I've seen a lot of universities use something called Typo3, however most ginormous websites are going to use custom in-house CMS systems.
Popular Science is using Drupal. There are also some other large sites that use Drupal. Just my few cents.
I too feel that now a days most of the big sites are using Wordpress. Still, every CMS has its own restriction, so most of the time big sites go for custom CMS.
I think more big sites will convert from custom CMS to Drupal in the future like White House official site, Lucas Arts, Duke University, CNNgo, Java.net etc. Also there must be tons of reasons the White House, Australian Prime Minister, Dutch goverment, French goverment choose Drupal not the other CMS for their official site
must be because their IT department is sponsored by drupal management team.
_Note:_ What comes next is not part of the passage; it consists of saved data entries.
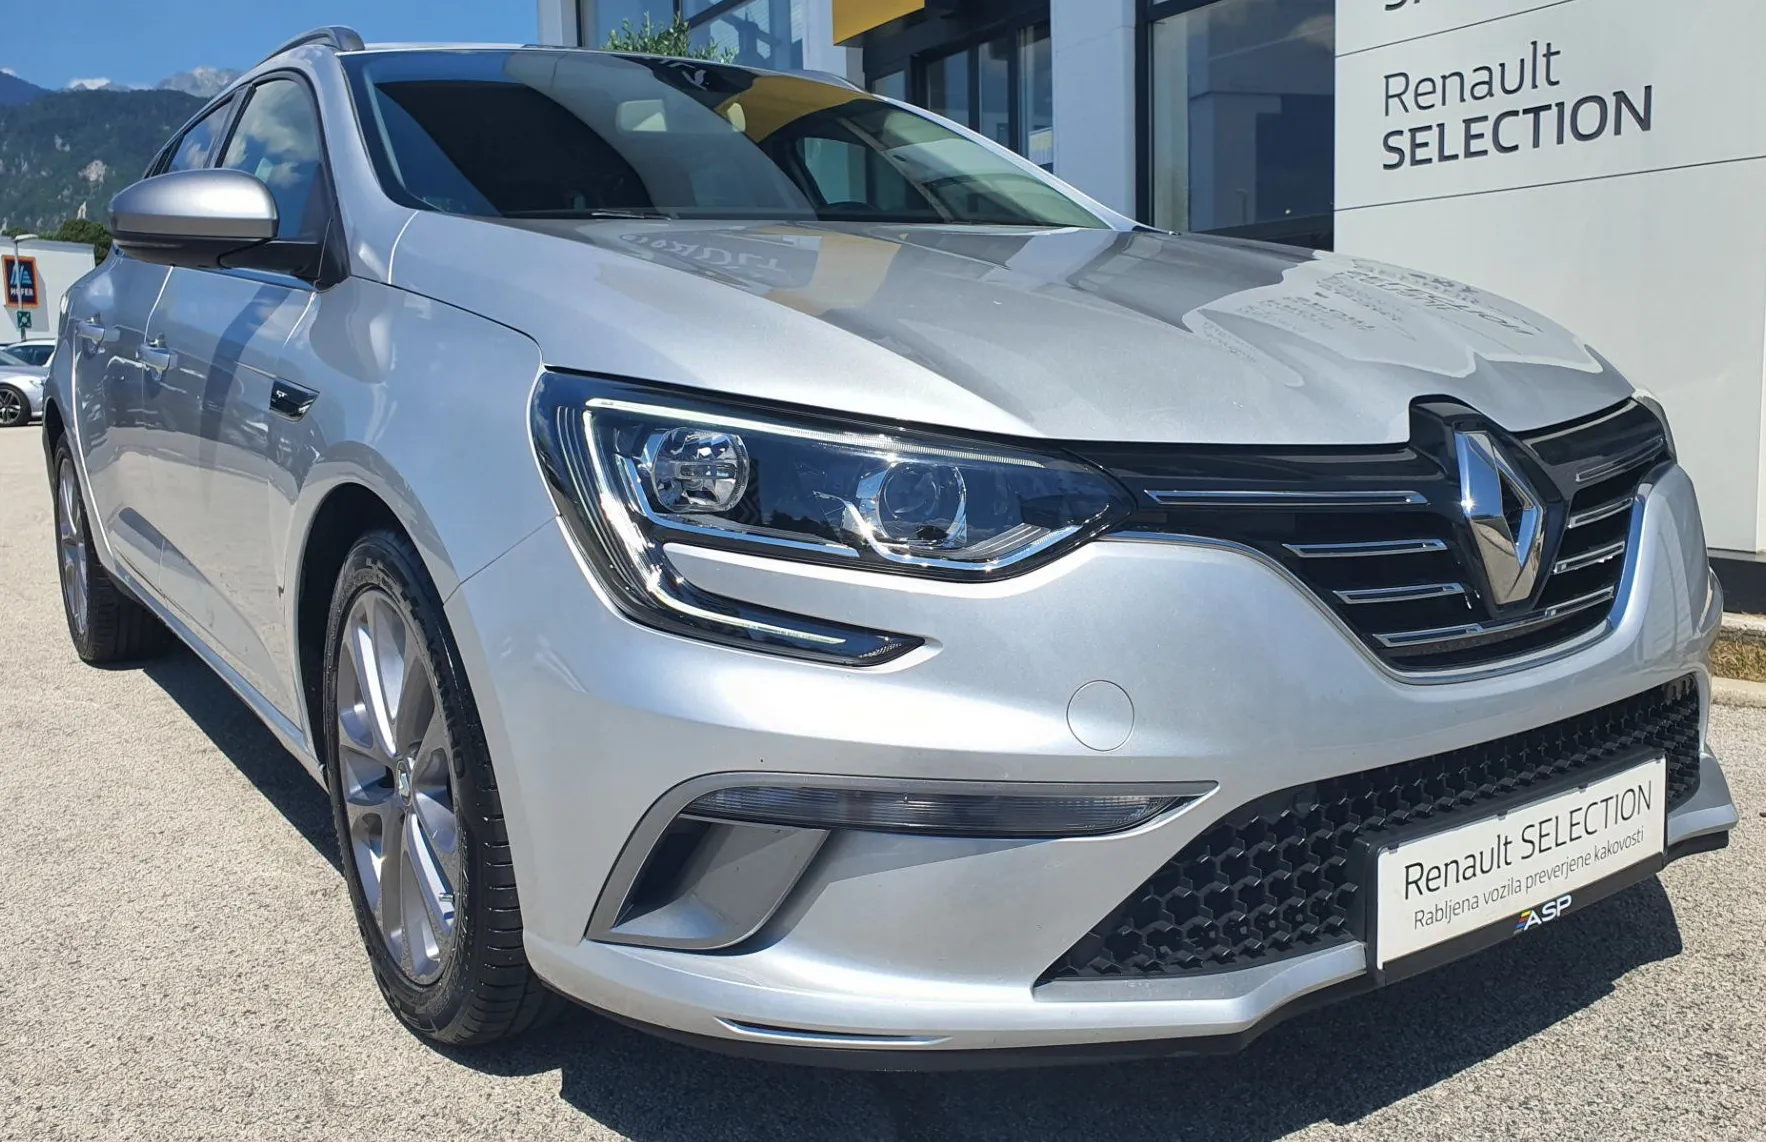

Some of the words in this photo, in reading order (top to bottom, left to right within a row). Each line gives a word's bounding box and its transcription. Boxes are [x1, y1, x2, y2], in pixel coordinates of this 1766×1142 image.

[1384, 41, 1561, 117] Renault
[1383, 85, 1653, 171] SELECTION
[1405, 834, 1513, 900] Renault
[1521, 780, 1652, 860] SELECTION
[1414, 895, 1479, 930] Rabljena
[1483, 877, 1522, 905] vozila
[1525, 851, 1591, 894] preverjene
[1594, 826, 1644, 862] kakovosti
[1523, 894, 1572, 931] ASP
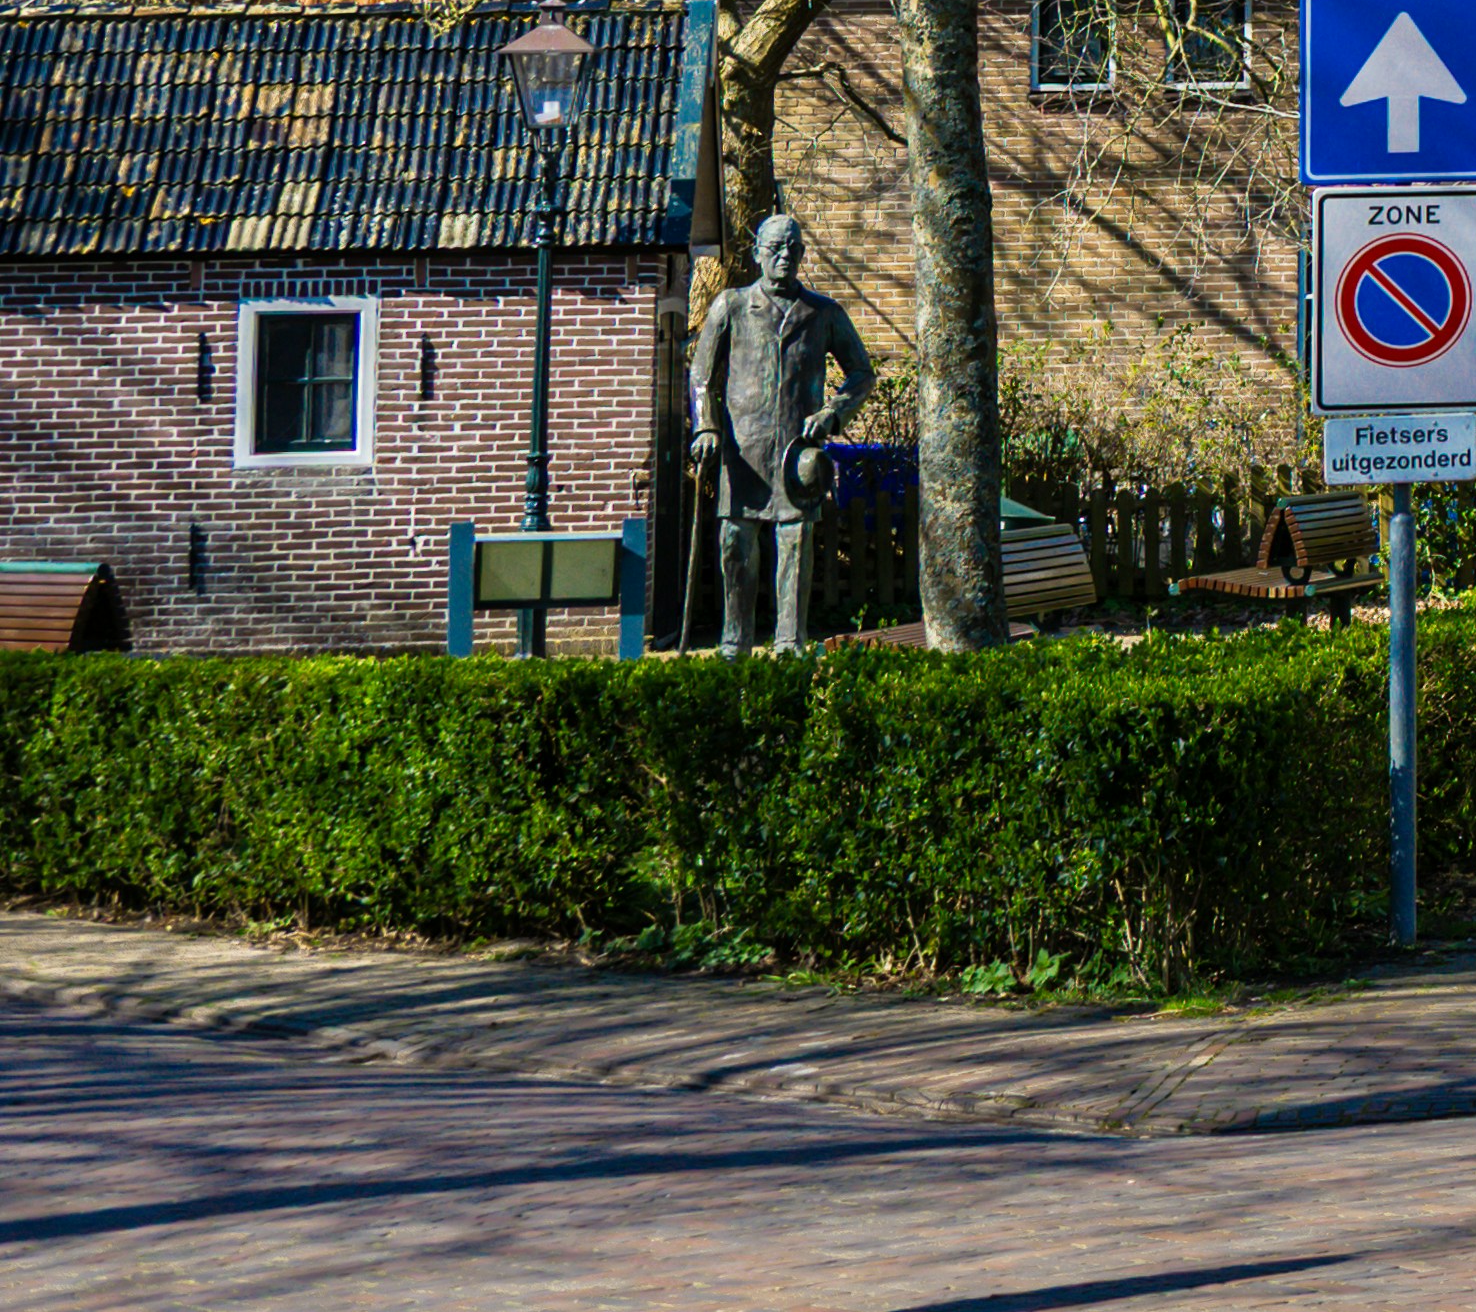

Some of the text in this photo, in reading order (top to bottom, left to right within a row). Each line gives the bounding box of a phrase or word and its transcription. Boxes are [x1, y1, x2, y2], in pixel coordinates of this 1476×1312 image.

[1368, 204, 1441, 225] ZONE
[1355, 426, 1448, 446] Fietsers
[1332, 447, 1471, 475] uitgezonderd
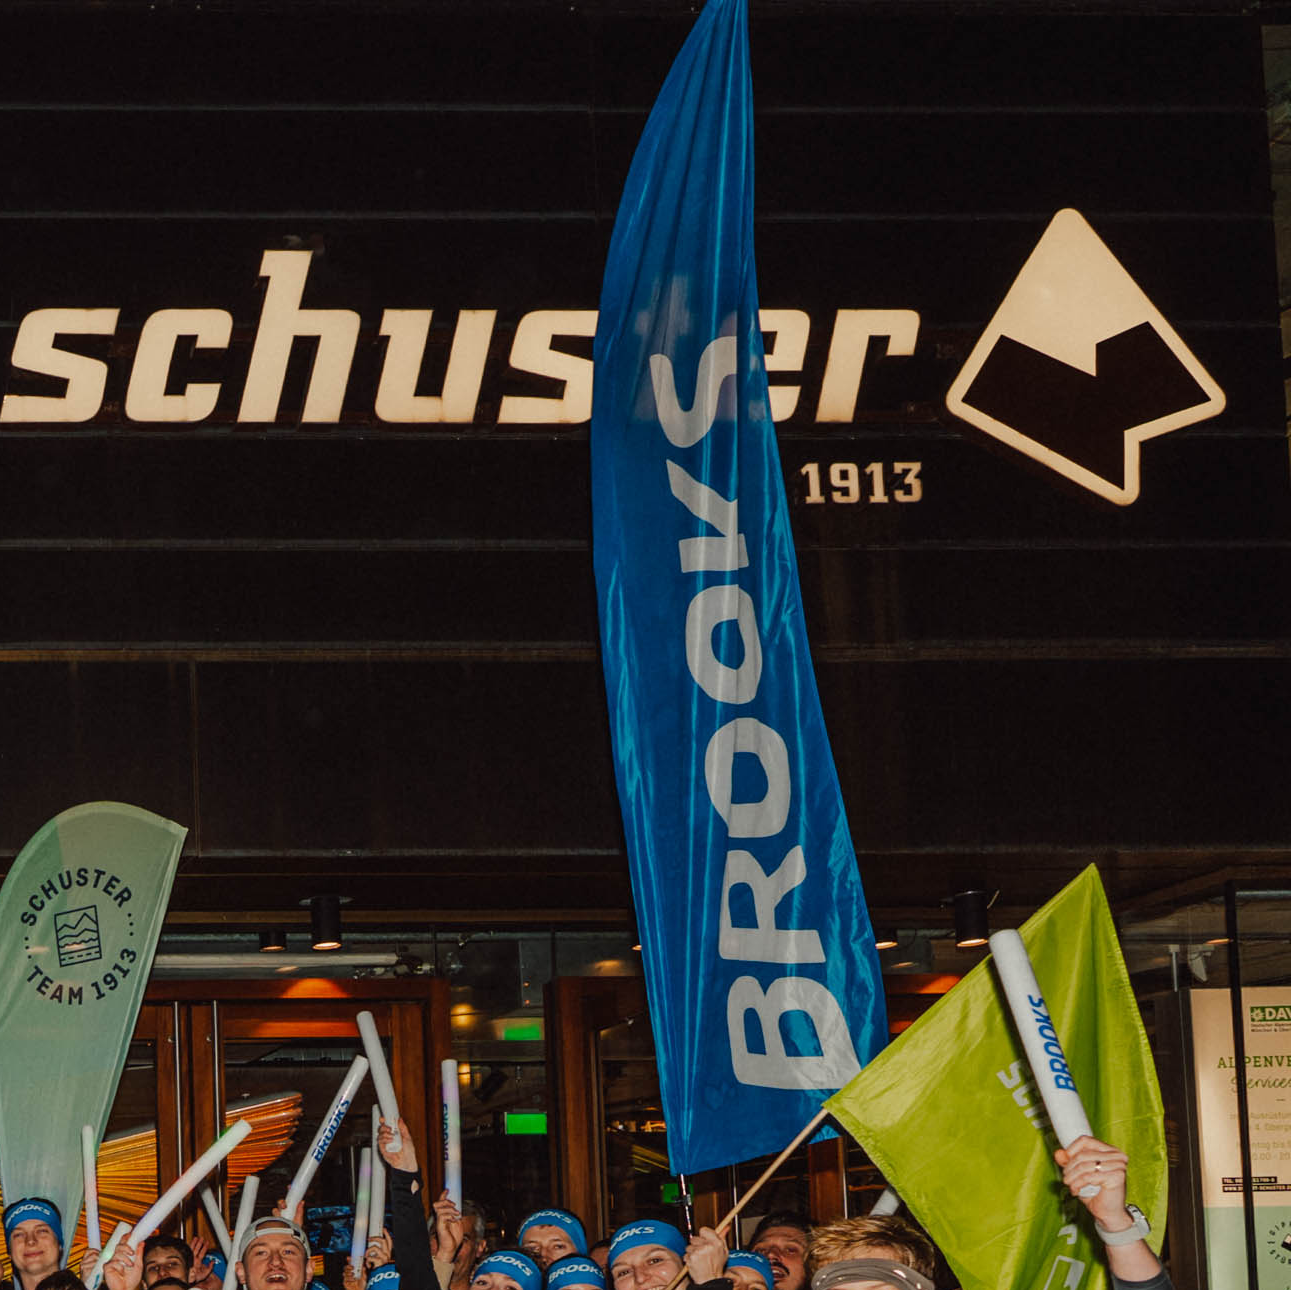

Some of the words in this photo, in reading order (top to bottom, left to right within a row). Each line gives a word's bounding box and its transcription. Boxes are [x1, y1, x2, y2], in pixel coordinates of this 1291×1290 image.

[0, 250, 921, 424] schuser
[801, 461, 923, 504] 1913
[650, 336, 861, 1090] BROOKS
[21, 868, 132, 927] SCHUSTER
[27, 965, 83, 1005] TEAM
[91, 948, 137, 1000] 1913
Just wondering why the site isn't leaving any PR10 backlinks to drupal.
It's usually a combination of what their IT department is versed in, or particular functions of the platform they are using, or certain securities. There is an argument to be made for Drupal, and Joomla. They are good systems, but there is no arguing that Wordpress is the most widely used by Government, Universities, and Fortune 500 Companies.
At my full time job, we just had a presentation from a development firm...they recommended using Stellent CMS (which now appears to be owned by Oracle)
Oracle's Universal Content Management Software is a nice system. One of the best that I have seen out of the Enterprise solutions, especially if you are managing online documents and digital files. I think to answer this question, it all comes down to What do you need ? All CMS' are not alike and enterprise solutions offer different options and securities than Joomla, WP, and the other open source platforms. It's really 2 different levels. If you need to get a customizable, flexible site up to provide info, or use as a company website, blog, or portfolio, I highly recommend WP over all others. If your needs are a little more advanced, you have multiple in house contributors and you need solutions for document tracking and management, you need to go with a heavier enterprise solution. Answering that question is really like trying to answer "What kind of cars do businesses use in their corporate fleet ?" You really can't answer until you understand their needs.
The thing about us is that we need so much custom crap to be made for the site. It's integrated with a huge backend login for customers, and it's also integrated with a CRM so that we can track calls. It's incredibly difficult to find solutions for the stuff we need CMSs to do which is why we sought out one of these development firms.
Yes, sounds like you definitely need an enterprise solution and someone to set it up and integrate it into what you already have going. Your needs are much bigger than a WP, Joomla or any other platform is ready to handle without a significant amount of programming..which makes a development firm the right way to go.
great discussion! A hypothetical: For a website with potentially 1-10k pages of content, such as company profiles, which would be better: Wordpress, Joomla, Drupal?
Actually hate to break it to you... alot of high profile sites just use WordPress with vivvo.net. Ouch.. truth hurts. Source, look at the CSS calls. #viv-
It's based on their needs. Wordpressmu Wordpress and Drupal are the best and most customizable opensource CMS.
This is true, and I'm seeing more and more of it. Wordpress is simply awesome. Someone here in DP recently posted a gigantic list of corporate websites using Wordpress but I can't seem to find it again
I am one of those guys that say "Im going to design my own CMS", but I did it and I would say it kicks ass too. Its Ajax based, works in IE6-8, FireFix, Chrome, Safari, etc. I also have a Windows application version of the system that can sync with web services to the web site. I've worked on it for a long time, so I totally realize its a very serious effort to get right and usable. Ya, nobody knows about it yet because its hard to get out there and build up a name, so my only users are the clients I get that pay me to build sites for them. I make a decent living with it, but I made the whole thing open source in the hope that it would take off over time.